By the time he makes it to the cabin, having had to suffer through a panoply of interactions with ignorant white people, he doesn't seem to have any more interest in killing Ed, as Floyd's directed him to do: instead, he asks Peggy for a haircut -- "something...professional. Shorter, like on the sides and back."
Dodd's rude interruption of this consultation gets him killed (see above), but once he's been dealt with, Hanzee calmly sits in front of Peggy and her scissors. "Professional, you said," she checks before she begins. "Yeah," he tells her. "I'm tired of this life." Maybe he means he's tired of the henchman's life and wants a makeover to reinvent himself. But maybe he means he's tired of life in general, and if she decides to use the scissors not to transform him but to kill him, he's made his peace with that possibility, too. It's not as though they're at Dazzle and there's a mirror with which he could watch what Peggy's doing to make sure she doesn't try anything murderous, but the way he serenely closes his eyes does suggest he's prepared for whatever may happen. And while Ed's look...
...certainly seems to be signaling Peggy to take advantage of the opportunity, she really does seem like she's going to give Hanzee the haircut he's requested...

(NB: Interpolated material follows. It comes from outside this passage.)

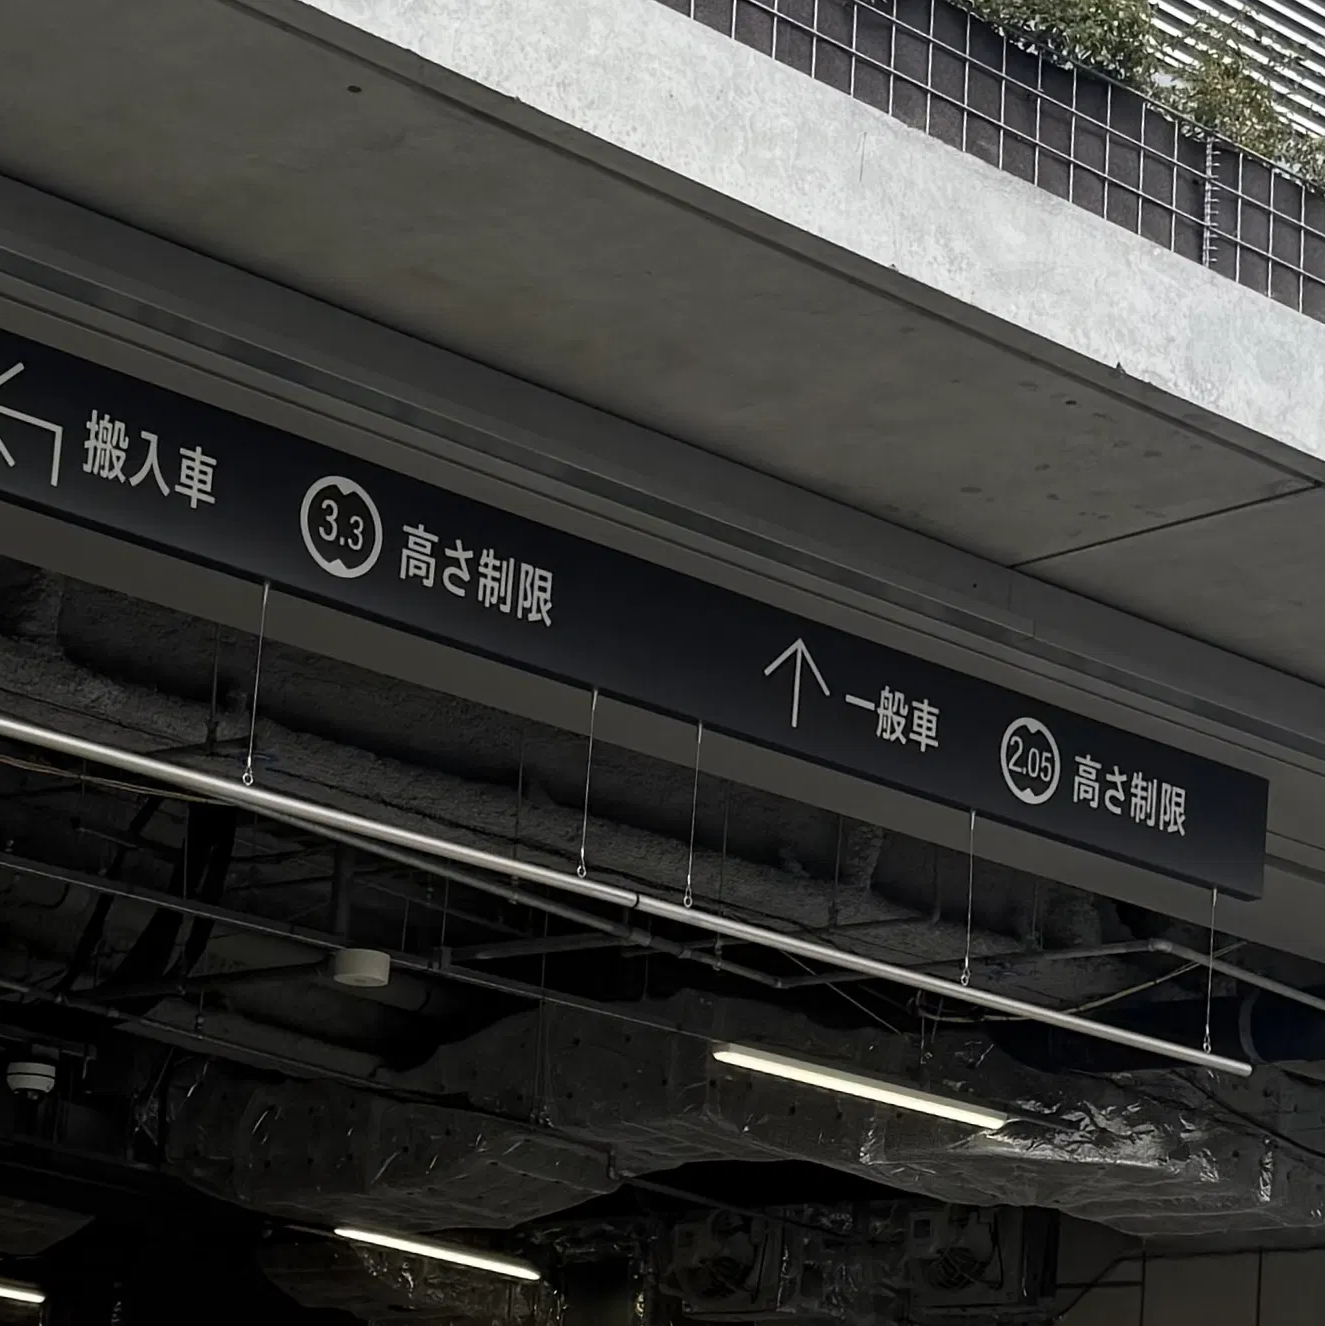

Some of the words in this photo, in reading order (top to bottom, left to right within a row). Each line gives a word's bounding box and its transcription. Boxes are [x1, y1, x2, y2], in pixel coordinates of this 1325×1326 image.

...right up until the moment Hanzee's gaze follows Ed's out the window and at Hank and Lou creeping up on the house. In the melee that follows the resulting exchange of bullets, Peggy does end up stabbing Hanzee in the back of his neck -- but not so badly that he can't stagger away from the raid. Hanzee may not have many more days or even hours to live, but through his last moments in this episode, he's taking care of business every way -- even with his look. I personally feel deprived of the chance to see Peggy unveil Hanzee's new hairstyle for Hank and prove she was right to keep all those hundreds and hundreds of magazines for inspiration.
We don't really see Lou except in the beginning and at the end of this episode, since during the same time he's keeping Mike and Gale Kitchen from murdering Simone at the Pearl Hotel. But what we do see is more of his usual excellent police work: overruling Hank's request not to tell Betsy Hank's going to get his head injury checked out at the hospital; failing to heed the deal Schmidt think the Fargo police have struck with Floyd and pursuing the Blumquists and Hanzee. When Hanzee sees Lou and Hank and starts shooting, Hank and Lou shoot back, and while none of Lou's shots actually hits Hanzee, none of Hanzee's hit him either. On this show, that's a win.